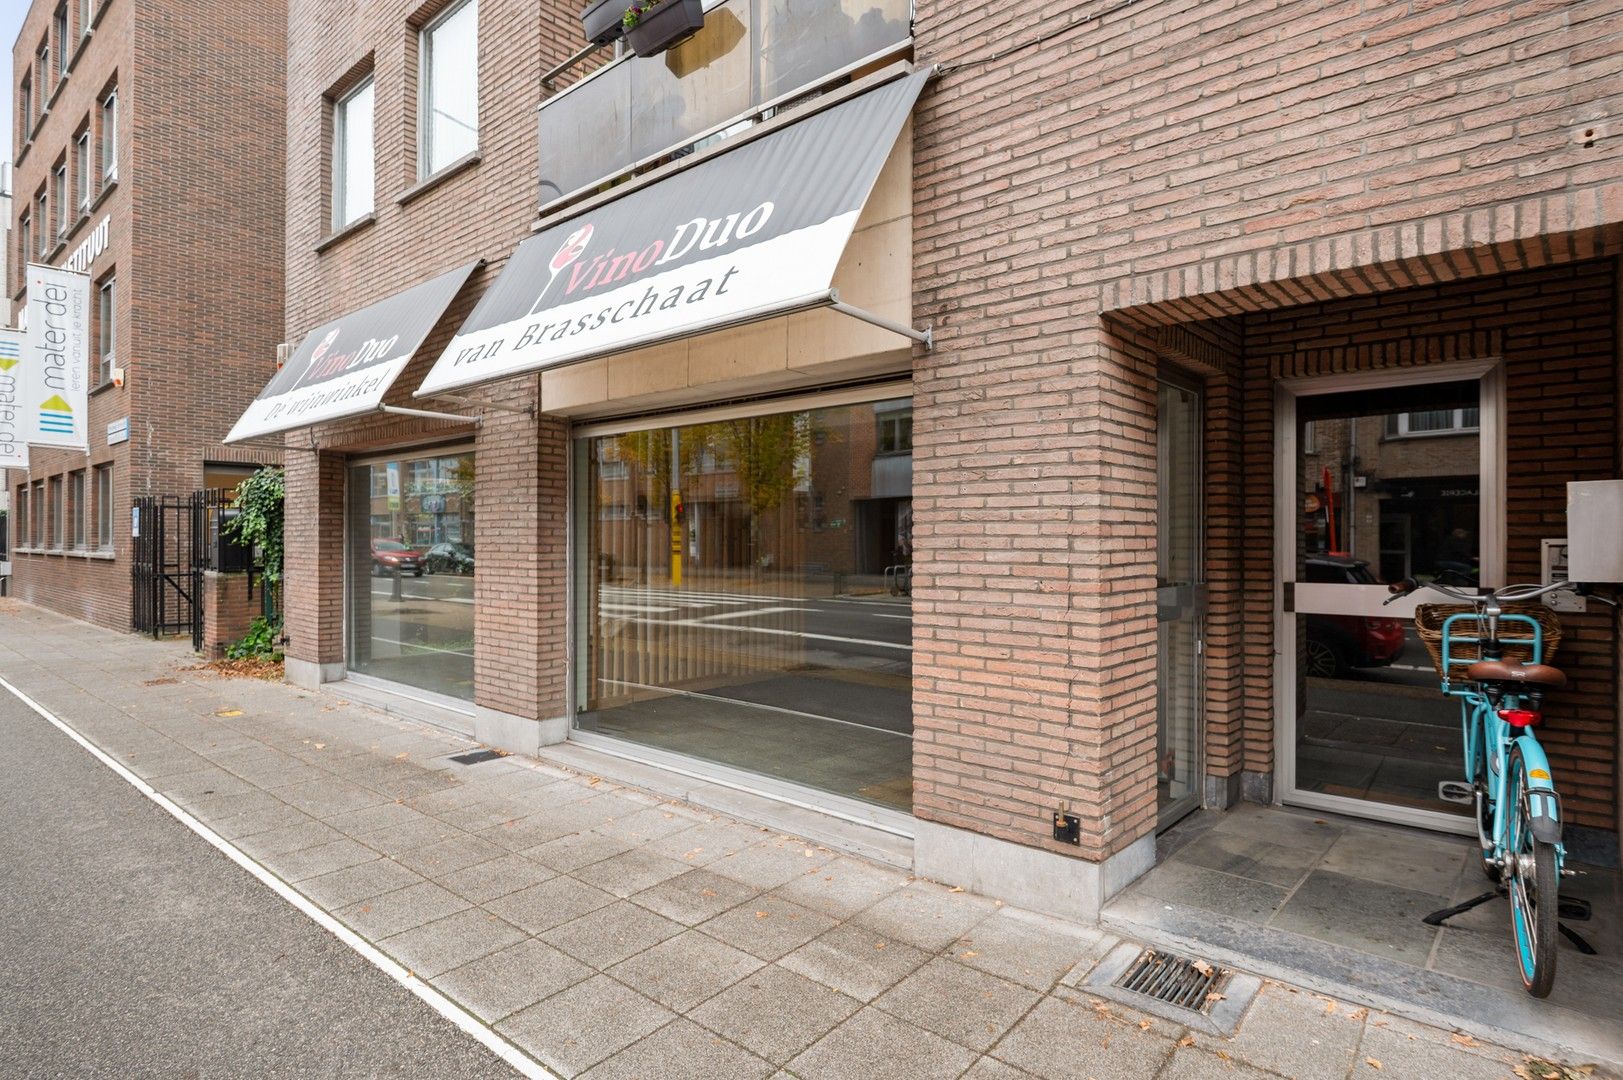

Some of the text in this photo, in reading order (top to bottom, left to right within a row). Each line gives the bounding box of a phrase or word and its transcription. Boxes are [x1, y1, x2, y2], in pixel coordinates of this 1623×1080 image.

[61, 214, 111, 272] STITUUT
[564, 202, 776, 295] VinoDuo
[72, 289, 82, 319] kracht
[453, 265, 740, 368] van Brasschaat
[72, 332, 81, 363] vanuit
[308, 334, 399, 380] VinoDuo
[71, 367, 81, 392] leren
[264, 367, 392, 421] De wijnwinkel
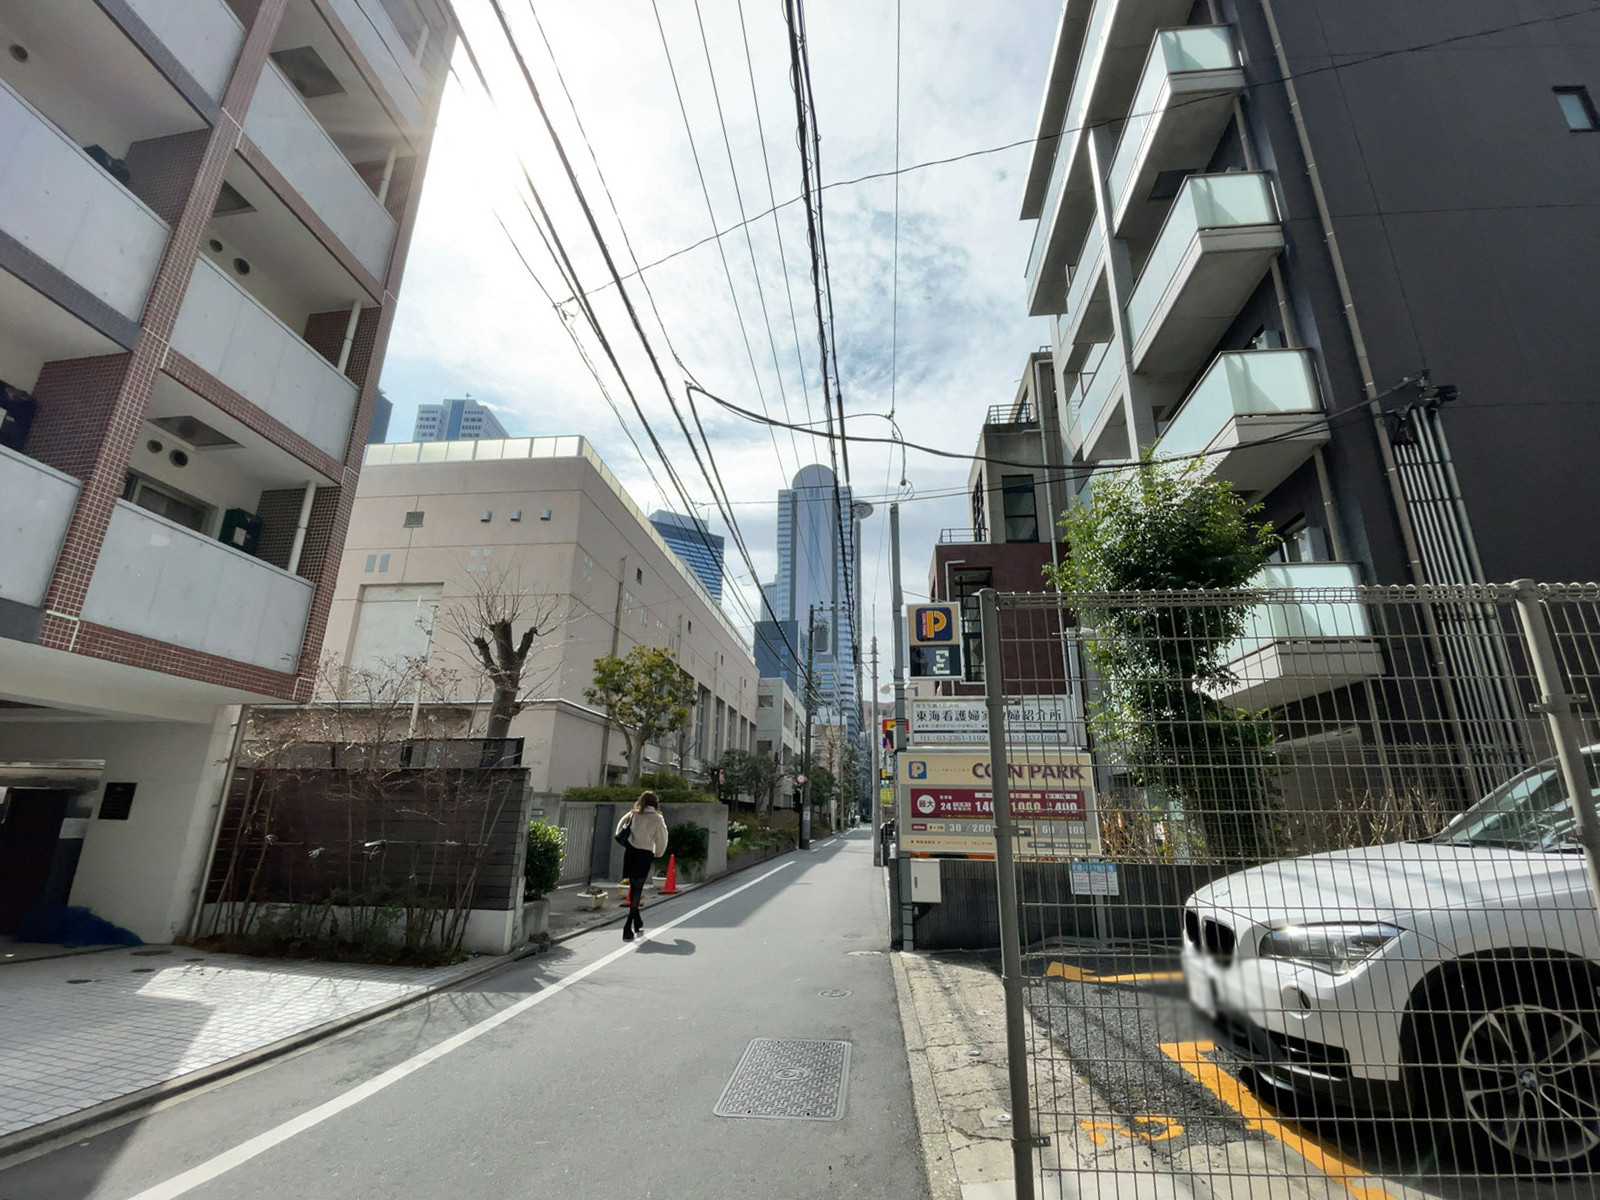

= = = =

== AIM OF THE TASK ==
Without the pictures, repeat the listing exactly as it reads.

== RESULT OF THIS TASK ==
Some of the text in this photo, in reading order (top to bottom, left to right within a row). Each line gives the bounding box of a phrase or word and its transcription. Boxes are [x1, y1, x2, y2], in pixel coordinates of this 1623×1080 image.

[61, 214, 111, 272] STITUUT
[564, 202, 776, 295] VinoDuo
[72, 289, 82, 319] kracht
[453, 265, 740, 368] van Brasschaat
[72, 332, 81, 363] vanuit
[308, 334, 399, 380] VinoDuo
[71, 367, 81, 392] leren
[264, 367, 392, 421] De wijnwinkel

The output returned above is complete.